Allura masuk ke dalam ruang rawat Ibu Ani saat dokter sedang memeriksa mamanya.
"Permisi, Dokter, suster," sapa Allura.
Dokter serta suster yang sedang memeriksa Ibu Ani pun menengok sekilas dan mengangguk untuk menanggapi sapaan Allura.
"Dokter, bagaimana keadaan Mamaku saat ini? Apakah masih stabil? Dan ... kenapa beliau sampai saat ini belum bangun?" tanya Allura dengan menatap sang dokter penuh harap, ia membutuhkan jawaban yang pasti untuk keadaan mamanya.
"Sabar, Dek. Ibu Ani keadaan yang masih stabil. Adek teruslah berdoa dan bantu beliau agar cepat kembali mendapatkan kesadarannya," jawab dokter paruh baya itu.
Allura hanya mengangguk pelan setelah mendengar jawaban dokter paruh baya itu. Benar apa yang diucapkan sang dokter padanya, dia harus sabar dan terus berdoa supaya Ibu Ani cepat mendapatkan kesadarannya kembali.
"Terima kasih, Dok." Allura memaksakan bibirnya 'untuk tersenyum, meskipun senyuman itu tipis.
Sepeninggalan dokter dan suster, Allura segera menutupi ruangan mamanya dengan tirai agar tidak terganggu oleh para penunggu pasien lain. Setelah memastikan semuanya aman, Allura pun mulai membuka box pumping yang diterimanya siang tadi. Gadis itu mengambil note kecil yang ada di dalam tasnya, ia membuka kembali catatan tentang penggunaan pumping, ia juga membaca jadwal terapi induksi laktasi yang harus dilakukannya. Semua biaya terapi itu sudah ditanggung oleh Rivera, jadi Allura hanya perlu mempersiapkan dirinya saja.
Oh, harus bertahap, ya, batinnya.
Setelah selesai membaca semuanya, Allura pun merapikan kembali barang-barangnya. Meskipun ia sangat penasaran dengan alat pumping itu, tapi tidak mungkin jika mencobanya di sana, apalagi di depan Ibu Ani.
***
Pagi menjelang. Seperti biasa, Allura bangun saat adzan subuh berkumandang. Gadis itu segera berjalan keluar ruang rawat Ibu Ani dan melangkah menuju Mushola yang tak jauh dari sana.

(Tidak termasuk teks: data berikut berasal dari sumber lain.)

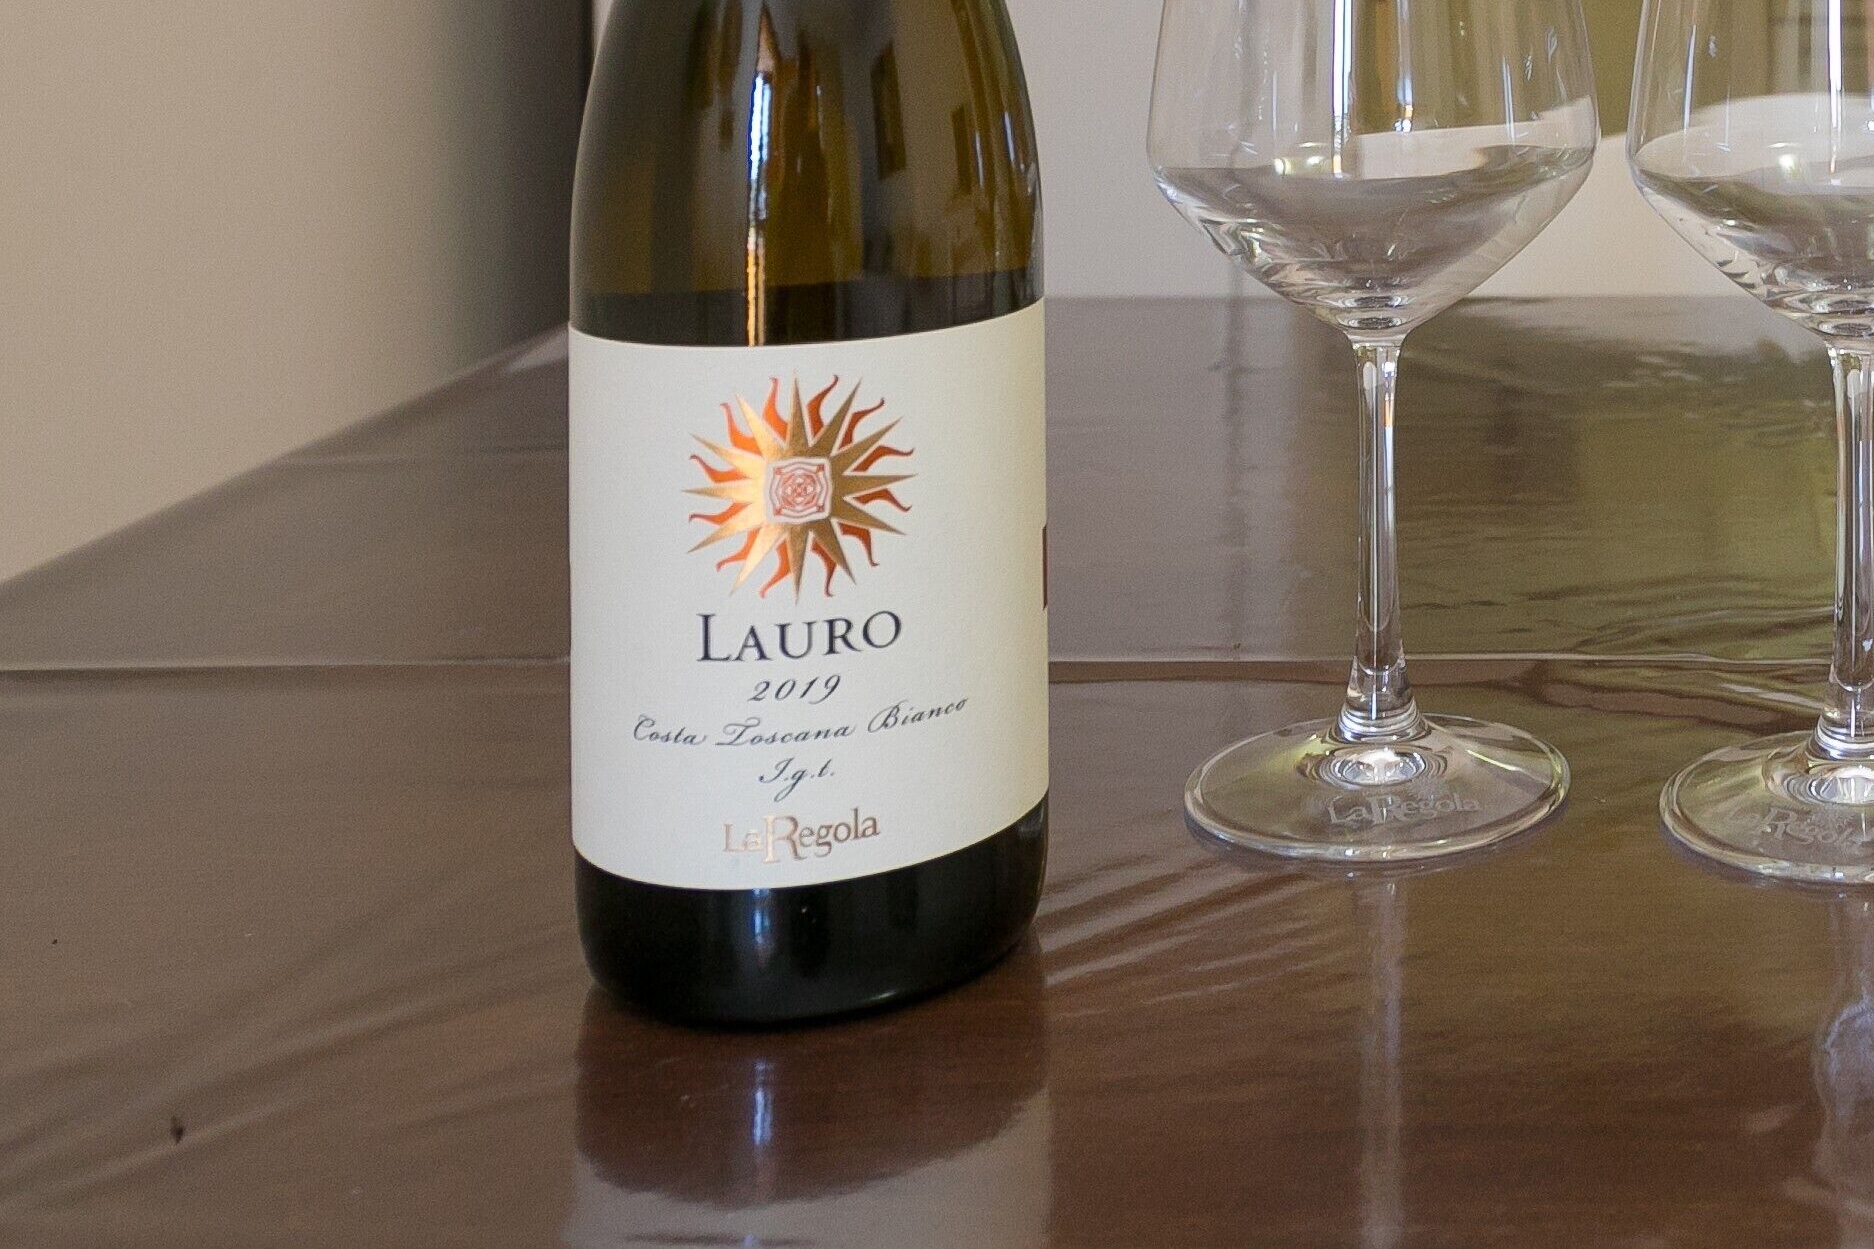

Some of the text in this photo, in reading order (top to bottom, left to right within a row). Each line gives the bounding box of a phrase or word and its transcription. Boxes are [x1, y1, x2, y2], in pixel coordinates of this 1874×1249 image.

Selesai mengerjakan tugas kewajibannya, Allura mampir ke kantin rumah sakit untuk membeli secangkir kopi yang biasa ia minum setiap pagi. Saat hendak membayar, tiba-tiba ada seorang pria yang memanggilnya.

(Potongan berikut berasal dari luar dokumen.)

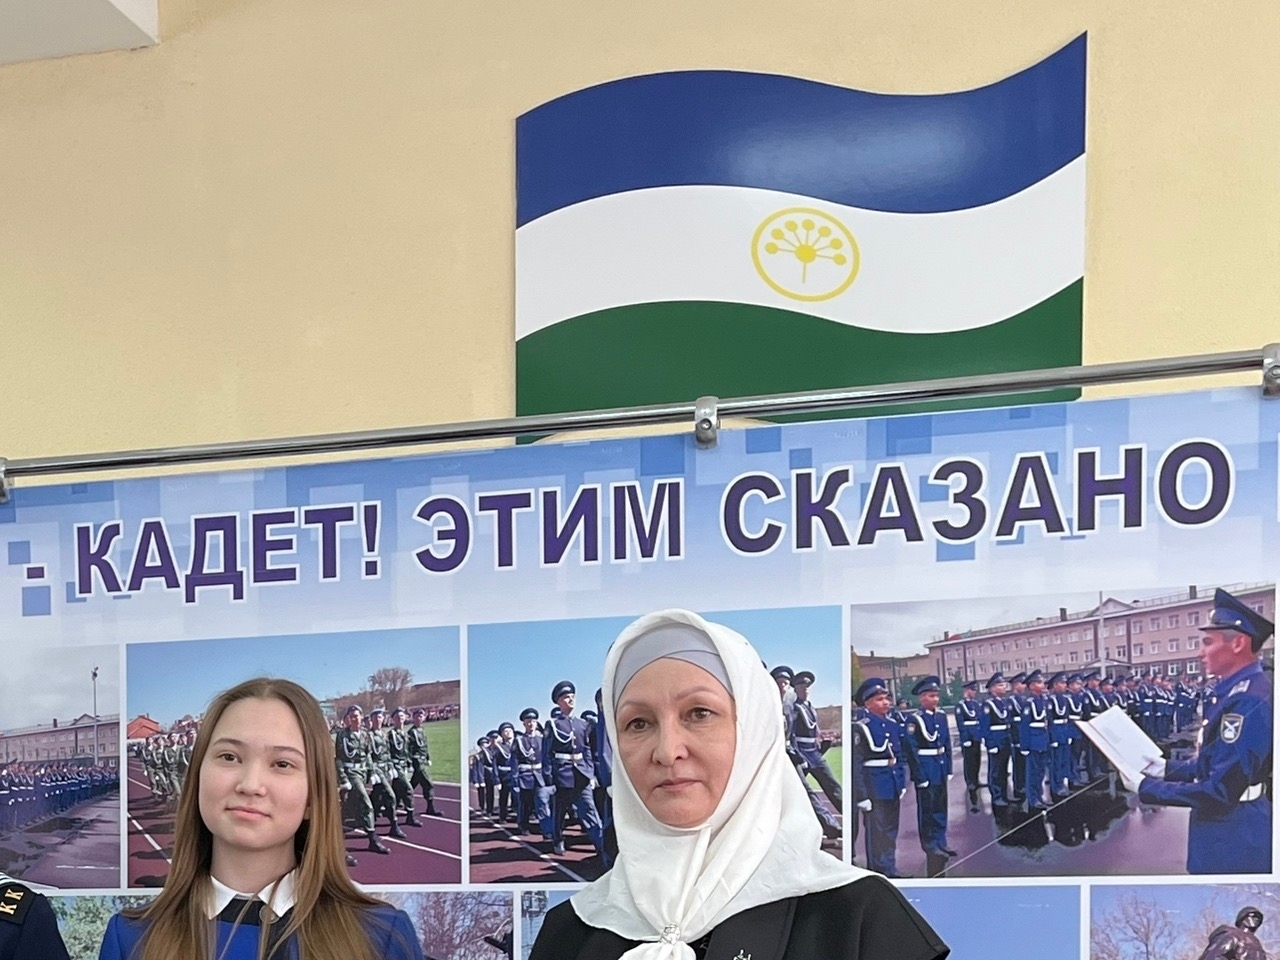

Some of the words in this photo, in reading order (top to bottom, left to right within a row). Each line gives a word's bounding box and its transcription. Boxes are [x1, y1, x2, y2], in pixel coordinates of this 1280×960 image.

[25, 564, 46, 580] -
[75, 501, 382, 604] КАДЕТ!
[413, 476, 684, 574] ЭТИМ
[721, 439, 1234, 555] СКАЗАНО
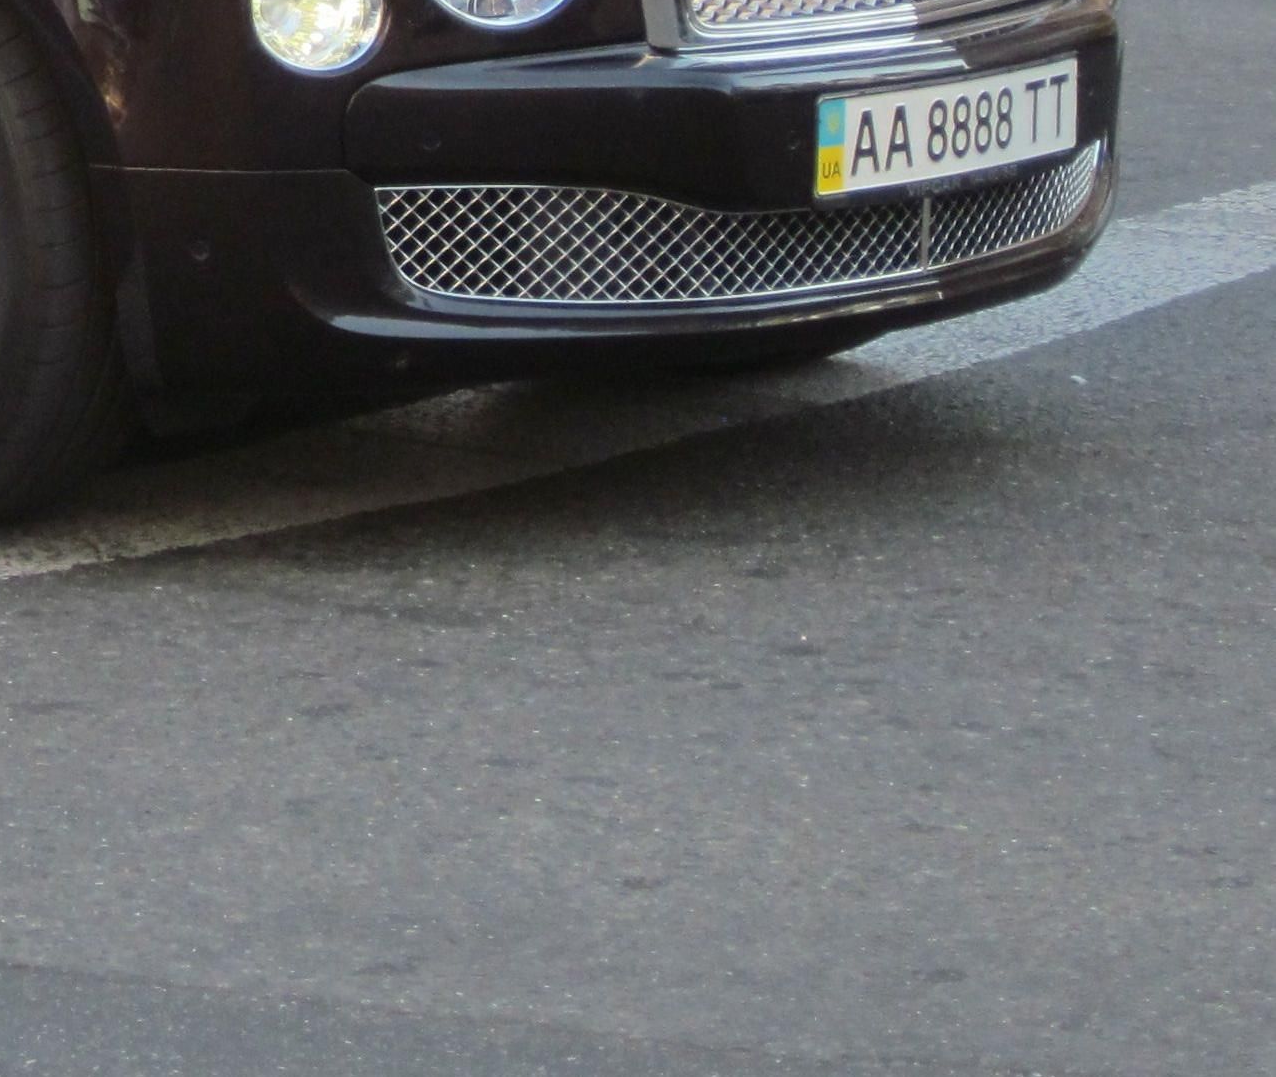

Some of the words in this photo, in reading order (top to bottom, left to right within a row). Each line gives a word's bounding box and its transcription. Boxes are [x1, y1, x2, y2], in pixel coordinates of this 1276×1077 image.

[851, 103, 913, 177] AA
[927, 86, 1013, 161] 8888
[1025, 74, 1069, 143] TT
[822, 161, 842, 179] UA

"Mbak Lura!" sapa pria itu.
Allura membalikan tubuh untuk melihat seseorang yang baru saja memanggilnya.
"Lho, Mas Edwin?"
"Iya, Mbak. Lagi beli kopi, ya?" tanya Edwin saat ia melihat secangkir kopi yang berada di tangan Allura.

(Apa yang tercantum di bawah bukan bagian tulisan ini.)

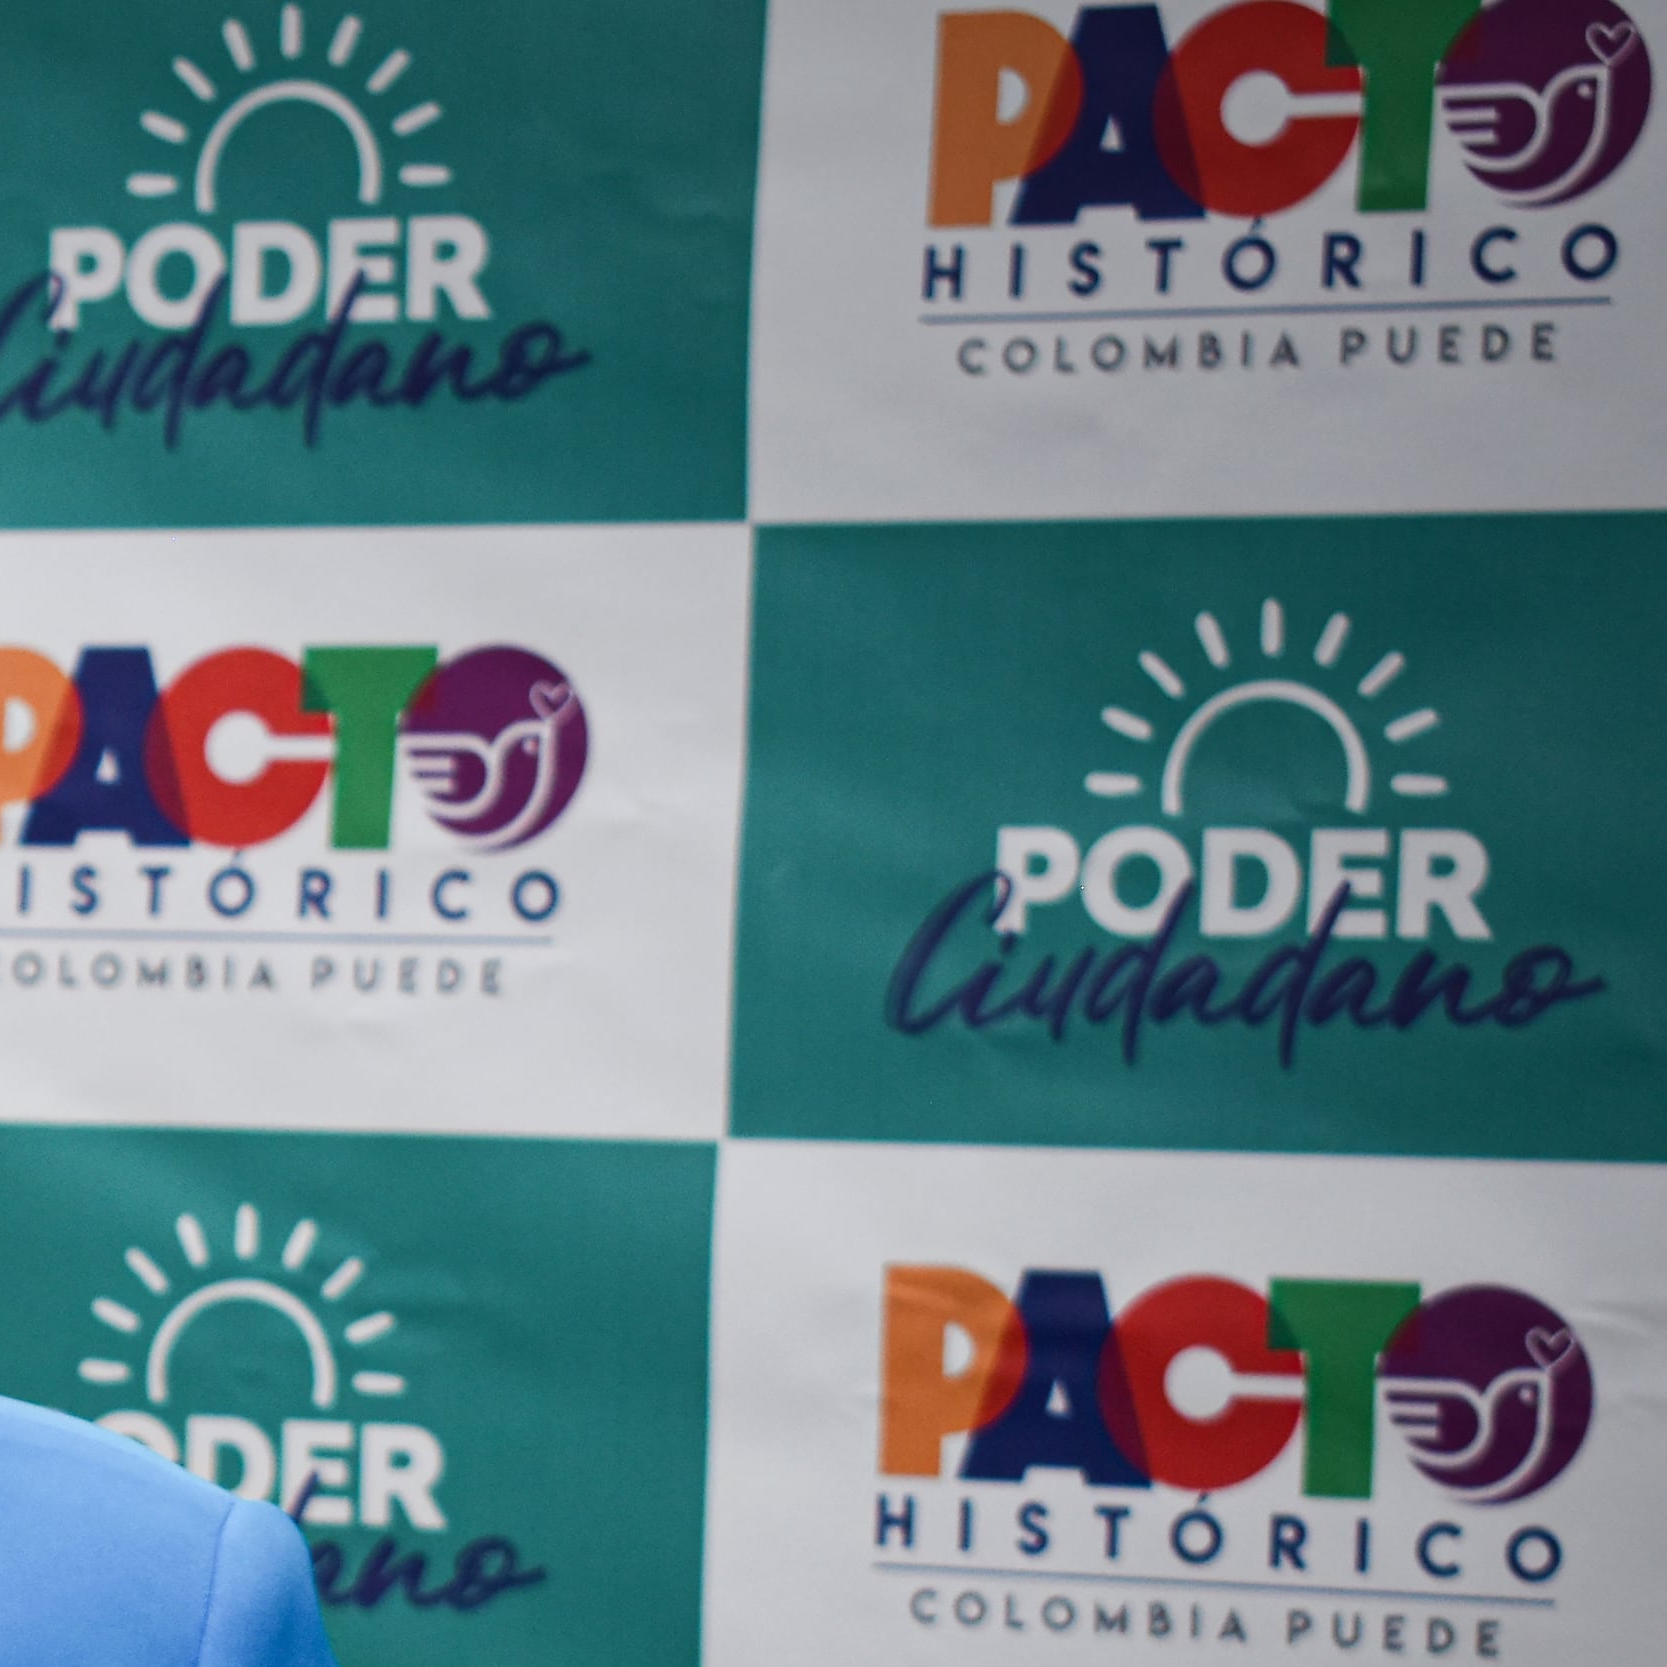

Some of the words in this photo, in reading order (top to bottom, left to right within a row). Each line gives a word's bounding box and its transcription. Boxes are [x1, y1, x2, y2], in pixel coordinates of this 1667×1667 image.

[927, 0, 1652, 228] PACTO
[49, 214, 491, 331] PODER
[922, 219, 1618, 300] HISTÓRICO
[957, 330, 1299, 376] COLOMBIA
[1339, 322, 1559, 366] PUEDE
[995, 825, 1492, 940] PODER
[312, 955, 504, 996] PUEDE
[886, 870, 1607, 1068] Ciudadano
[878, 1263, 1593, 1507] PACTO
[92, 1411, 446, 1530] DER
[874, 1494, 1563, 1583] HISTÓRICO
[910, 1589, 1249, 1643] COLOMBIA
[1286, 1612, 1501, 1659] PUEDE

"Iya, Mas." Allura mengangguk dua kali membenarkan pertanyaan Edwin.
Saat mereka masih berdiri, tiba-tiba ada pria lain yang menghampirinya, tapi pria itu datang hanya untuk menegur Edwin yang tengah berbincang dengan Allura.
"Win, bukankah tadi kamu pamit untuk membeli kopi? Apakah sekarang kopinya sudah kamu dapatkan?" tanya Arzan dengan sinis.
Mendengar pertanyaan bosnya, Edwin hanya tersenyum kaku seraya menggaruk tengkuknya yang tidak gatal.
"Iya ... Tuan. Saya belum mendapatkan kopinya–"
"Lalu kenapa kamu malah berdiri di sana?" Pertanyaan sinis itu kembali terlontar dari bibir Arzan dan menghentikan ucapan Edwin yang belum selesai.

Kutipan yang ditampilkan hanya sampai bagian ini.